Data Block Start

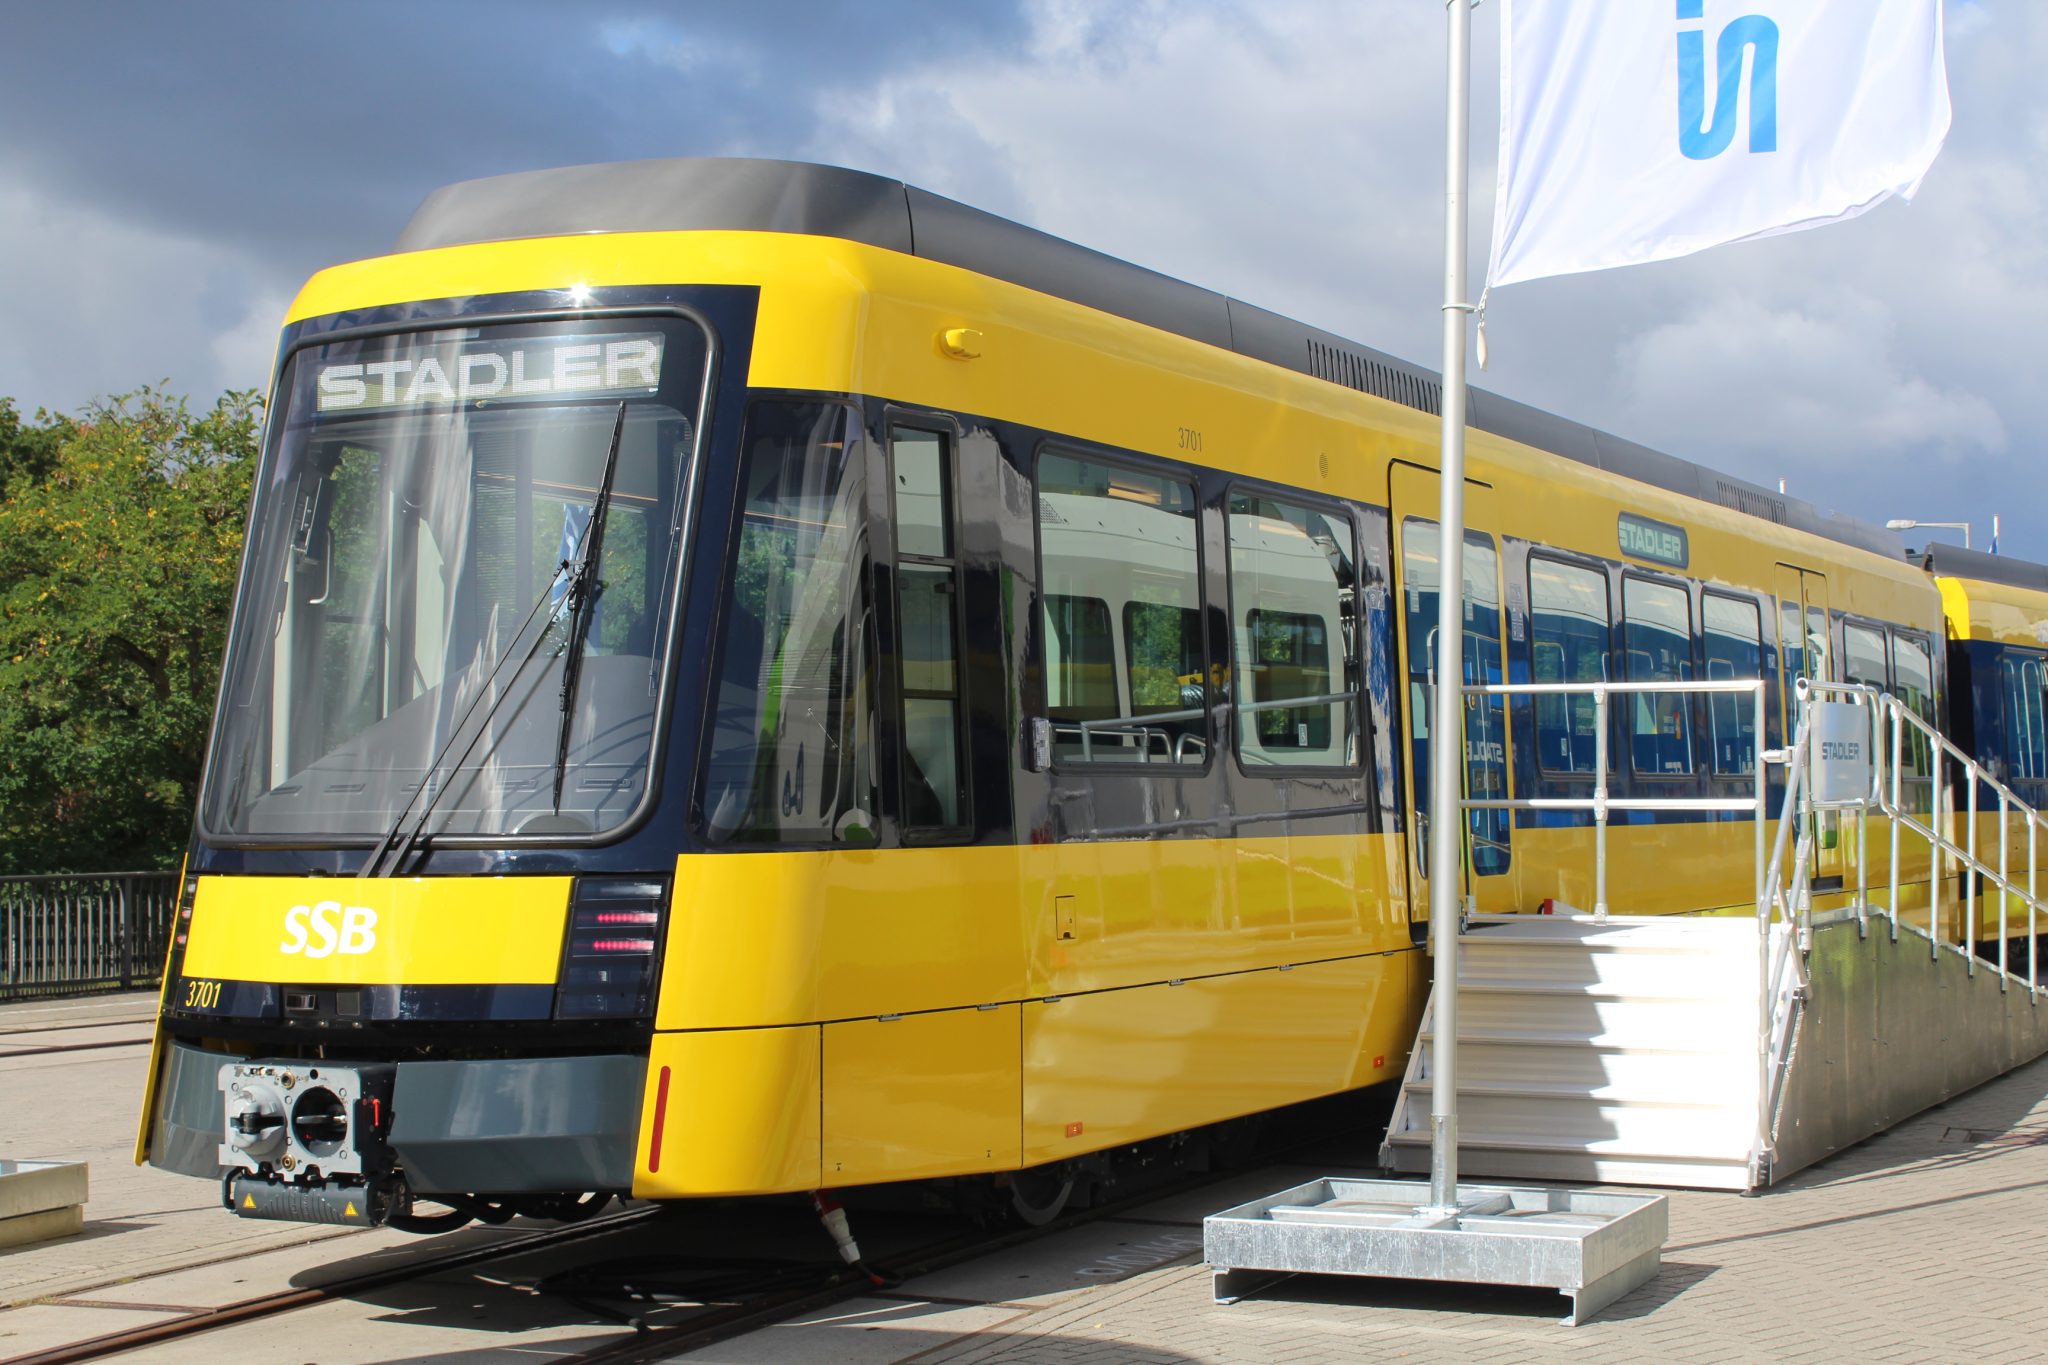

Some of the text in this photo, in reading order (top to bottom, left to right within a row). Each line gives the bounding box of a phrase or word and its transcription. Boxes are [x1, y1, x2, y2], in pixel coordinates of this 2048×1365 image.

[319, 339, 658, 409] STADLER
[1178, 427, 1202, 452] 3701
[1618, 521, 1682, 561] STADLER
[1822, 742, 1859, 760] STADLER
[280, 901, 378, 958] SSB
[185, 981, 222, 1009] 3701

Data Block End

Your objective: A verbatim transcription of the records, pictures excluded, is the required output.

Response for this exercise:
Some of the text in this photo, in reading order (top to bottom, left to right within a row). Each line gives the bounding box of a phrase or word and its transcription. Boxes are [x1, y1, x2, y2], in pixel coordinates of this 2048×1365 image.

[319, 339, 658, 409] STADLER
[1178, 427, 1202, 452] 3701
[1618, 521, 1682, 561] STADLER
[1822, 742, 1859, 760] STADLER
[280, 901, 378, 958] SSB
[185, 981, 222, 1009] 3701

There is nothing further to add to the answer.